Marian Cook was a patron of the arts – simply described as “one that supports, protects, or champions someone or something, such as an institution, event, or cause.” Colonel N. B. Brown was probably Concordia’s first back in l907 when he opened the Brown Grand Theatre. After a gap of 73 years, Marian D. Cook was the next. Though gone, both are still giving to the Concordia community.
Marian Cook’s husband, the financial wizard Charles, died in l971, and shortly thereafter, Marian joined a small group of citizens talking (some thought nonsense) about buying and restoring the Brown Grand. What followed became another of fate’s happy marriages of time and place.
Marian began giving to the (Brown Grand) theatre from the onset: money, time, ideas, leadership, and encouragement. But she wouldn’t take credit or wish to be singled out above anyone else. She did what she did to get the job done. The Brown Grand Theatre continues today as a testament to Marian’s community-minded generosity.
The Charles and Marian Cook Series was founded in 1992 by Marian in memory of Charles. The Cooks were avid global explorers who embraced travel as life’s greatest form of education. Recognizing that not everyone had the resources for world travel, Mrs. Cook created an ongoing event series that would bring cultural and educational experiences to Concordia through Cloud County Community College.
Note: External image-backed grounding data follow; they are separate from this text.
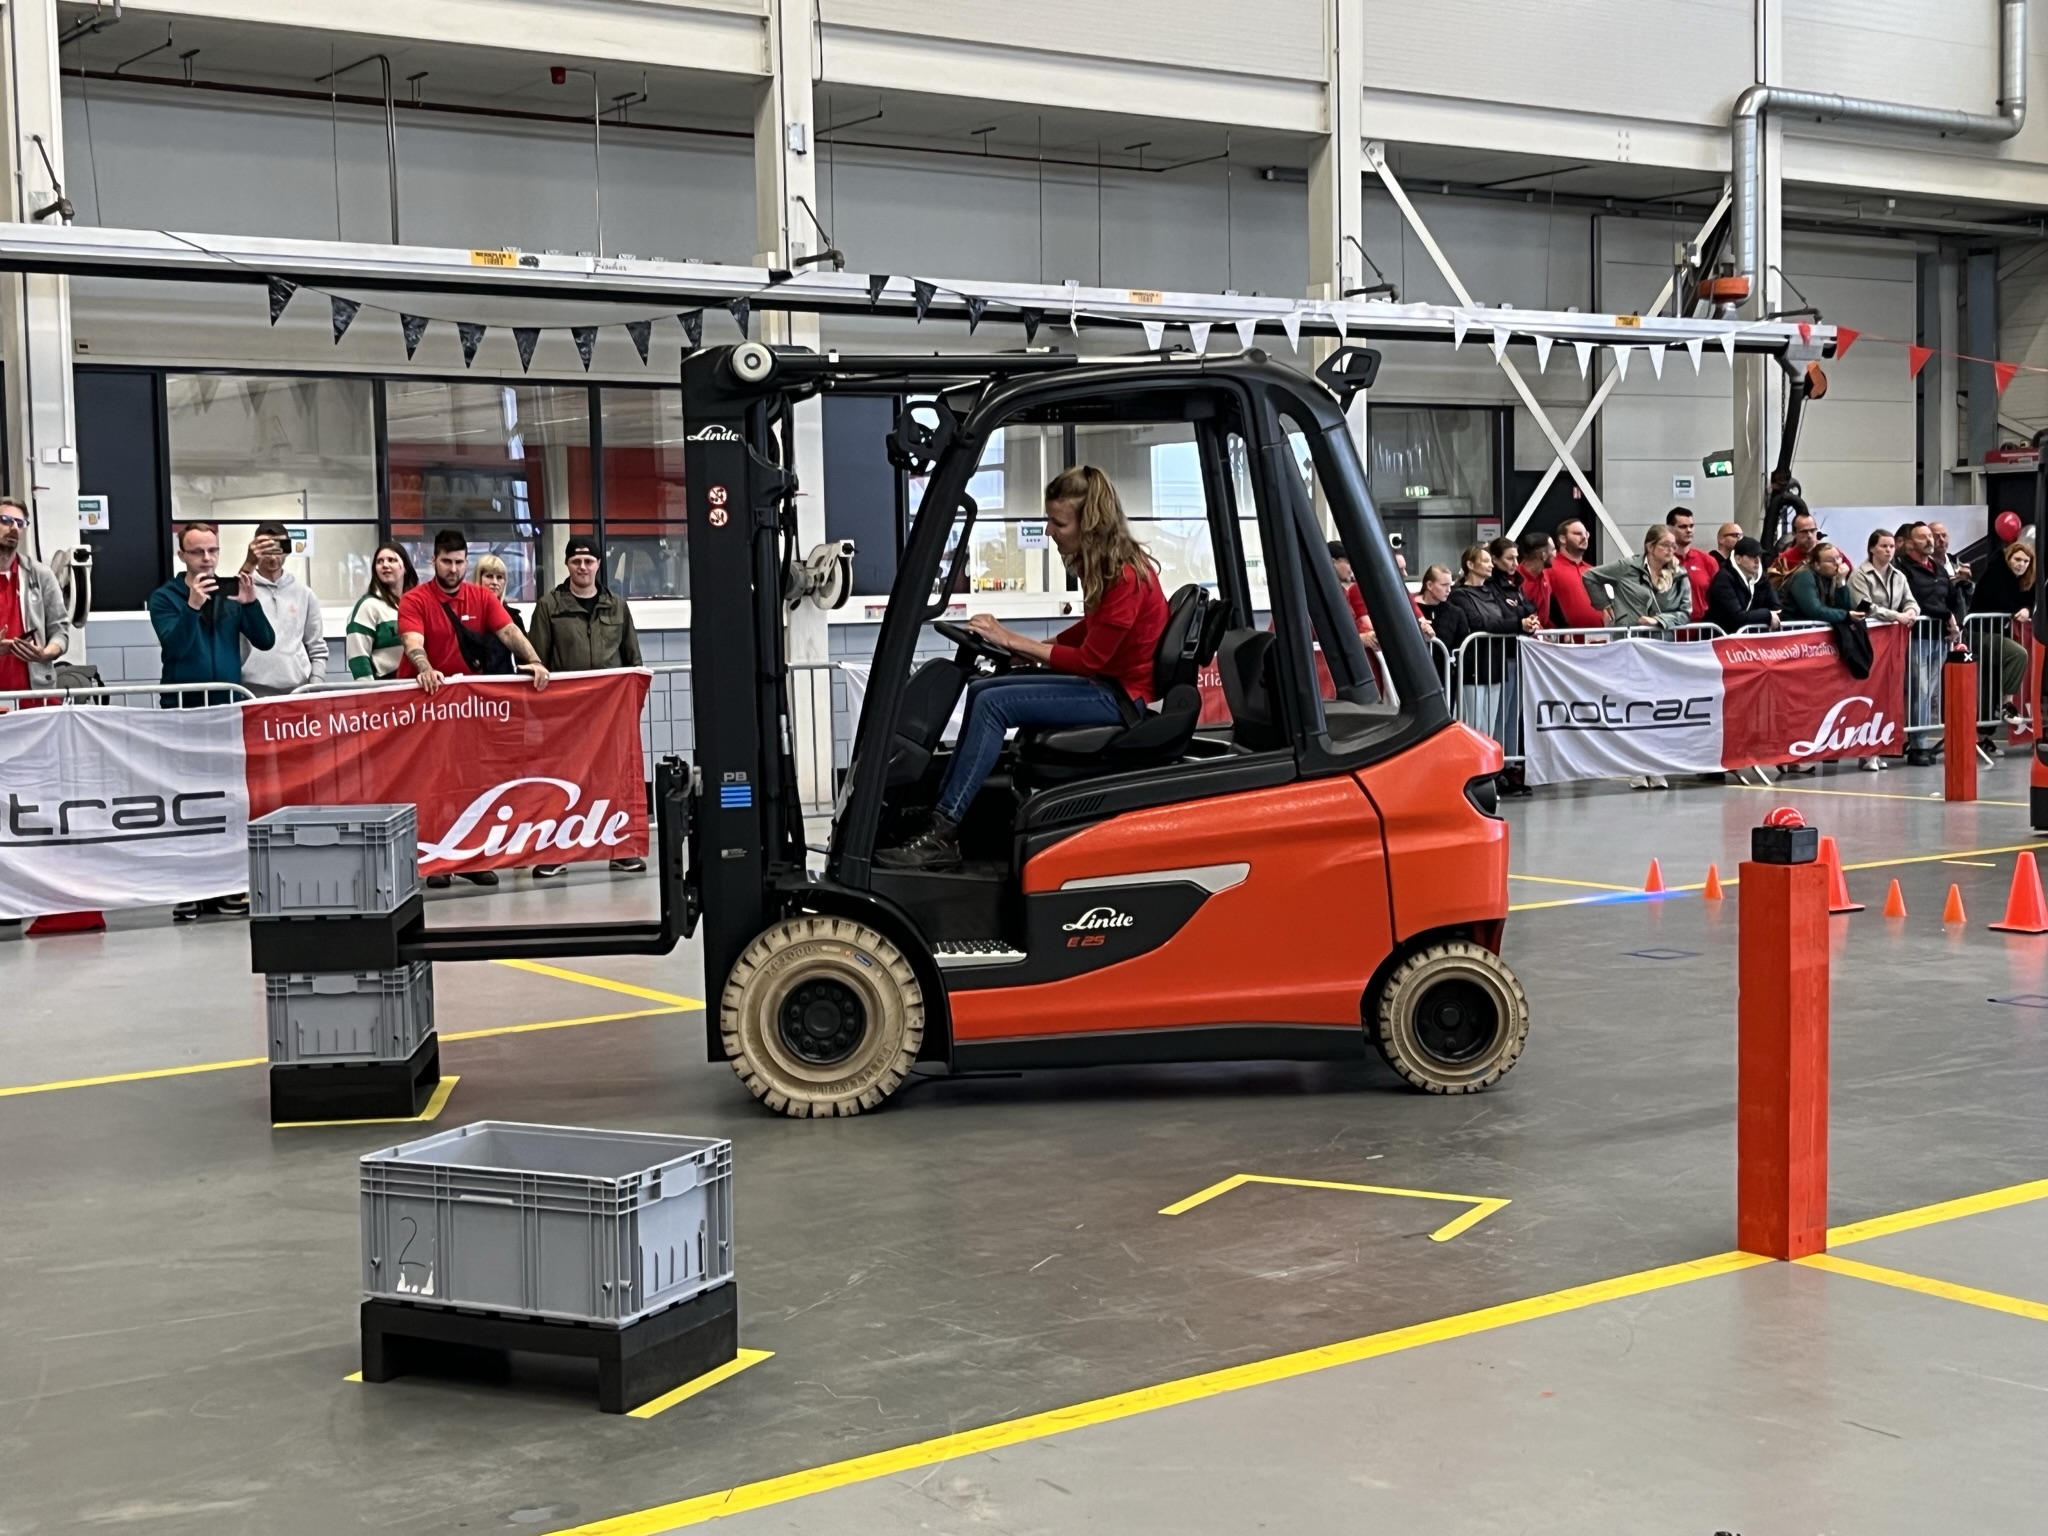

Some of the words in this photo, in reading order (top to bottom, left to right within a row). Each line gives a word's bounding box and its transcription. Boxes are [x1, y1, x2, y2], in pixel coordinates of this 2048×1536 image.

[686, 424, 740, 441] Linde
[263, 714, 322, 742] Linde
[329, 703, 416, 735] Material
[422, 695, 511, 722] Handling
[1537, 695, 1713, 724] motrac
[1788, 695, 1896, 757] Linde
[0, 791, 227, 837] trac
[417, 776, 631, 865] Linde
[1062, 906, 1134, 931] Linde
[1080, 934, 1106, 947] 25
[398, 1216, 427, 1268] 2
Sutton named 2016 Marian D. Cook Legacy Award recipient
Susan Sutton, retired Cloud County Community College instructor, has been named the 2016 Marian D. Cook Legacy Award recipient. She will receive the award on Thursday, Nov. 17 prior to Tim Riley’s cook Series presentation of “John Lennon – The Man, The Myth, The Music,” in Cook Theatre on the Concordia campus.
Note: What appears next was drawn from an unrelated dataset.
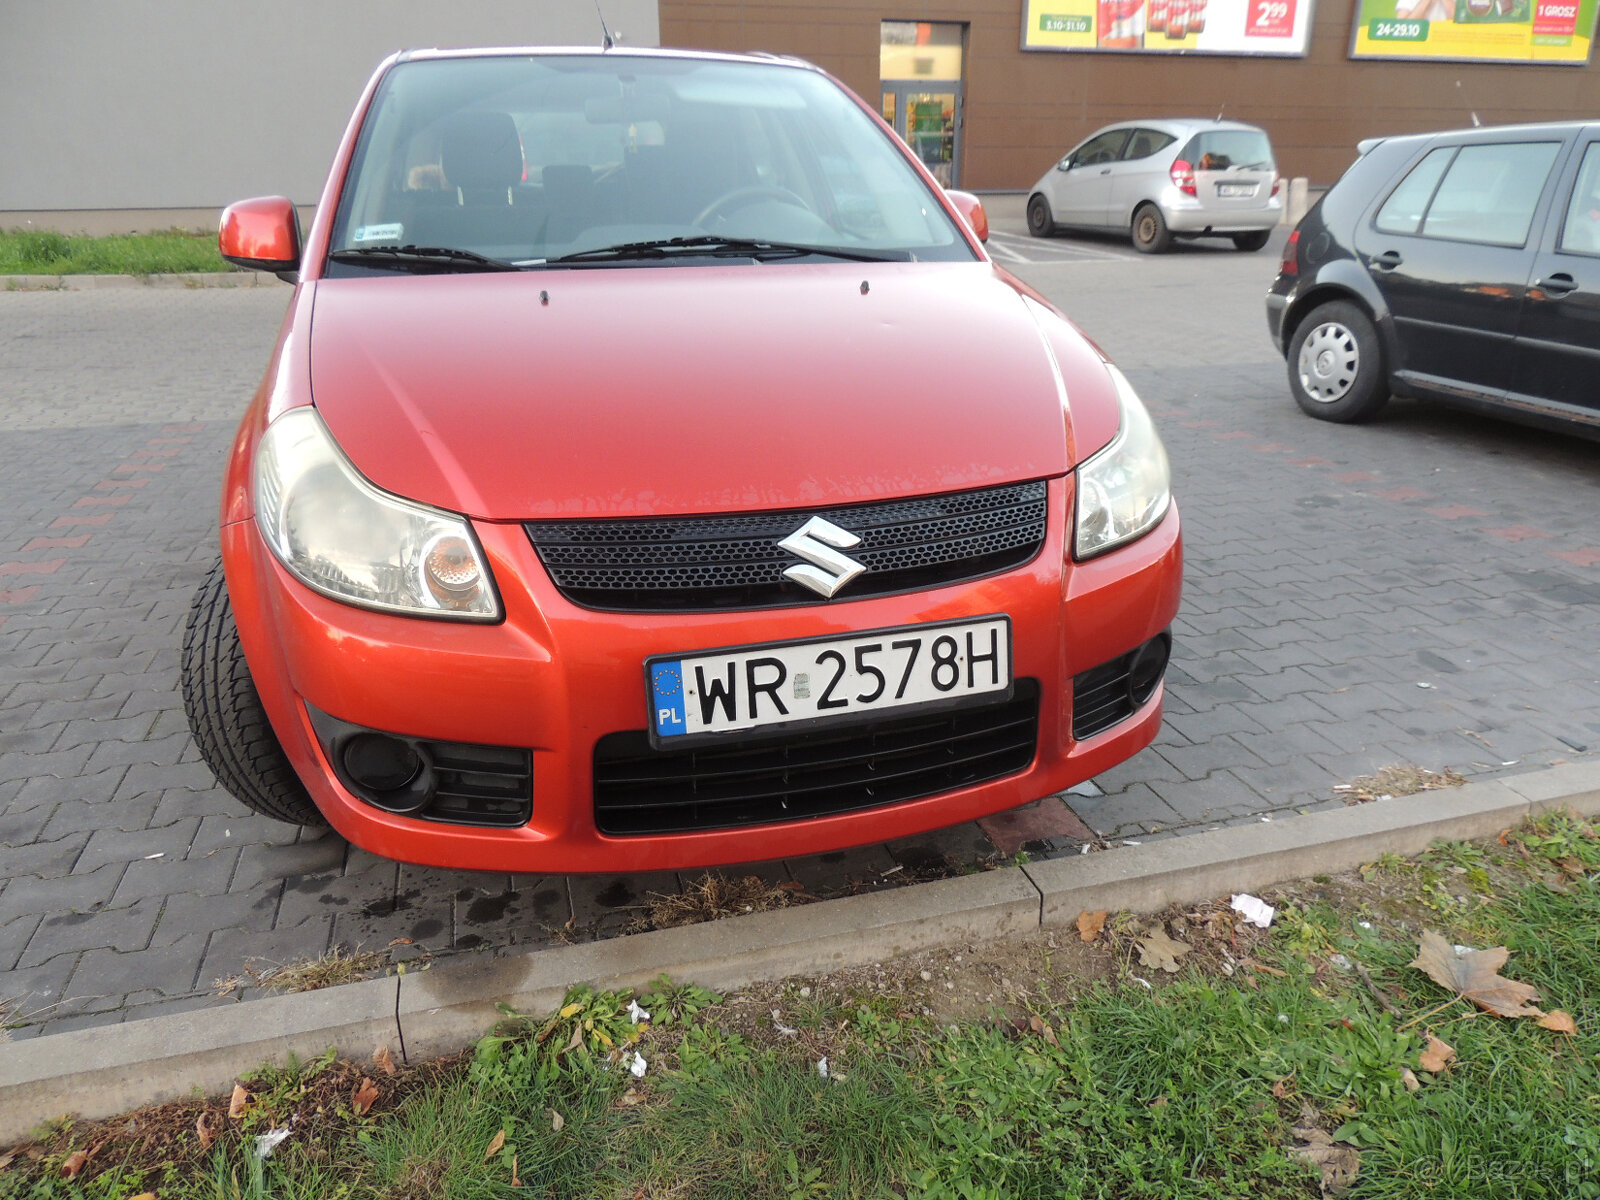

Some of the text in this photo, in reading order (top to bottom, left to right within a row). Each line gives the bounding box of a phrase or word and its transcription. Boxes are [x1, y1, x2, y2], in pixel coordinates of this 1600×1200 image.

[1544, 5, 1576, 18] GROSZ
[1376, 23, 1420, 38] 24-29.10
[694, 628, 999, 725] WR 2578H
[658, 708, 682, 726] PL
The award was established in 2011 to recognize outstanding achievement in supporting the arts, culture and education in the area. For 50 years, Sutton has been a driving force for the arts and humanities in Concordia.
Sutton founded the Brown Grand Players community theatre in 1967. In the 1970’s and 80’s, she worked for the Brown Grand Theatre’s restoration and placement on the National Historical Register and was elected to its first board of directors, serving many years as president.
In 2002, she spearheaded the relocation of the Orphan Train Heritage Society of America to Concordia. Under her direction, the National Orphan Train Complex was established and the Morgan-Dowell Research Center was built for Orphan Train research. Sutton also serves on the Camp Concordia Preservation Society, a WWII Prisoner of War site.
As a theatre instructor at Cloud, Sutton and students co-wrote “The Chosen,” a play based on interviews of Orphan Train riders and descendants. The play was performed for several years, including a performance in New York City in 2005.
Sutton helped establish the Charles and Marian D. Cook Series, now in its 25th year. She also served multiple terms on the Kansas Humanities Council. In 2013, the governor named her a member of the Kansas Native Sons and Daughters.
There will be a reception in the library at Cloud County Community College following the Riley presentation to honor Sutton.